The other main approach is a more cumbersome one, although with much greater potential for obtaining reliable results. It involves iterative numerical (Finite element method – FEM) modelling of the indentation procedure. This is first done with a trial stress-strain relationship (in the form of an analytical expression – often termed a constitutive equation), followed by convergence on the best fit version (set of parameter values in the equation), giving optimal agreement between experimental and modelled outcomes (load-displacement plots or residual indent profiles). This procedure fully captures the complexity of the evolving stress and strain fields during indentation. While it is based on relatively intensive modelling computations, protocols have been developed in which the convergence is automated and rapid.

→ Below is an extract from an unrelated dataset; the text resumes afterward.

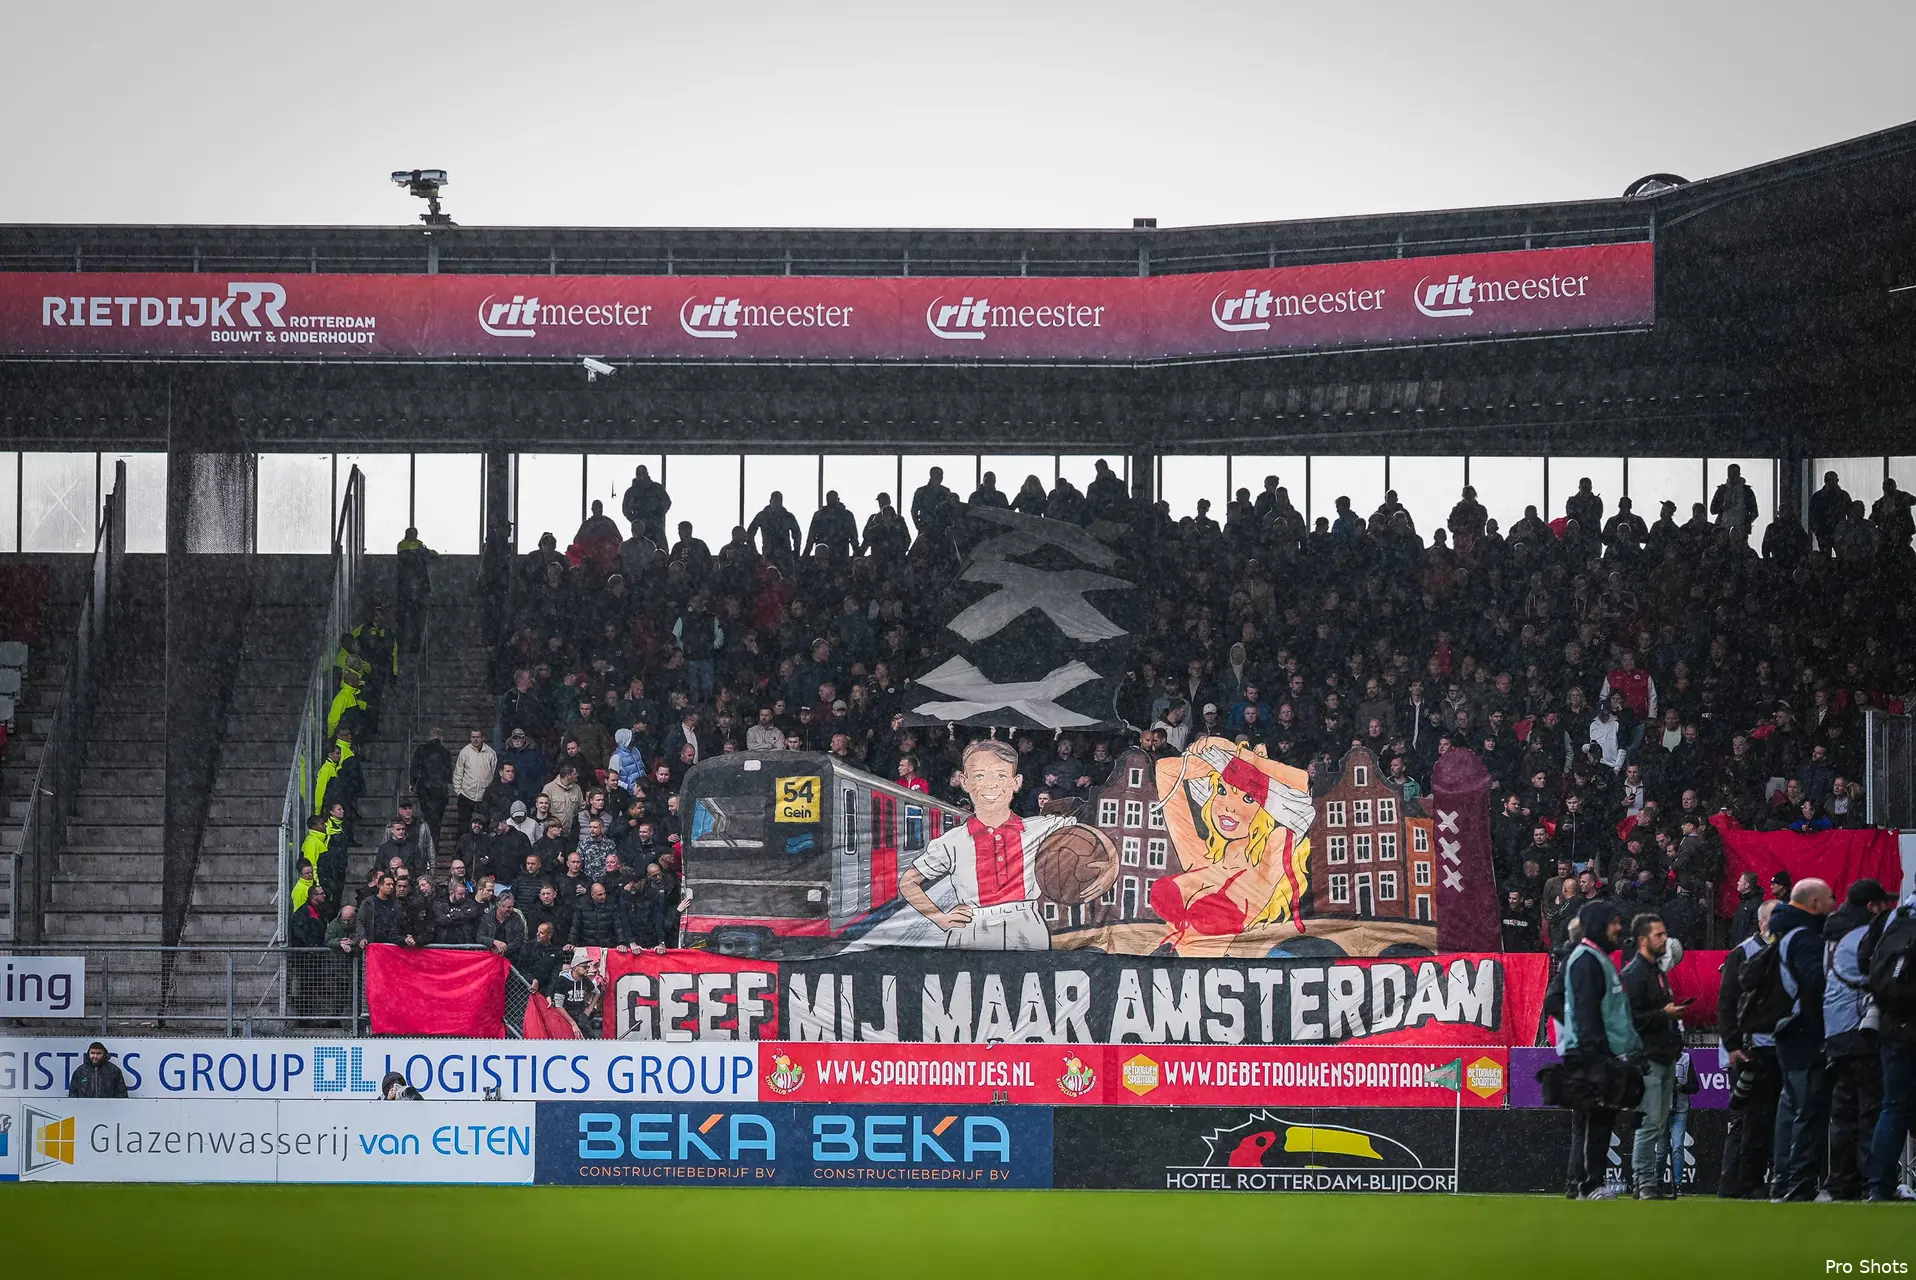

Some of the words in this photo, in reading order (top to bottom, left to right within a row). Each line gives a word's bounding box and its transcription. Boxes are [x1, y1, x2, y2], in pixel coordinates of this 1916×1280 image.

== Profilometry-based indentation plastometry (PIP) ==
It has become clear that important advantages are offered by using the residual indent profile as the target outcome, rather than the load-displacement curve. These include easier measurement, greater sensitivity of the experimental outcome to the stress-strain relationship and potential for detection and characterisation of sample anisotropy – see above. The figure gives an indication of the sensitivity of the profile to the stress-strain curve of the material. The term PIP thus encompasses the following features:
1)	Obtaining stress-strain curves characteristic of the bulk of a material (by using relatively large spherical indenters and relatively deep penetration),
2)	Experimental measurement of the residual indent profile and
3)	Iterative FEM simulation of the indentation test, to obtain the stress-strain curve (captured in a constitutive equation) that gives the best fit between modelled and measured profiles.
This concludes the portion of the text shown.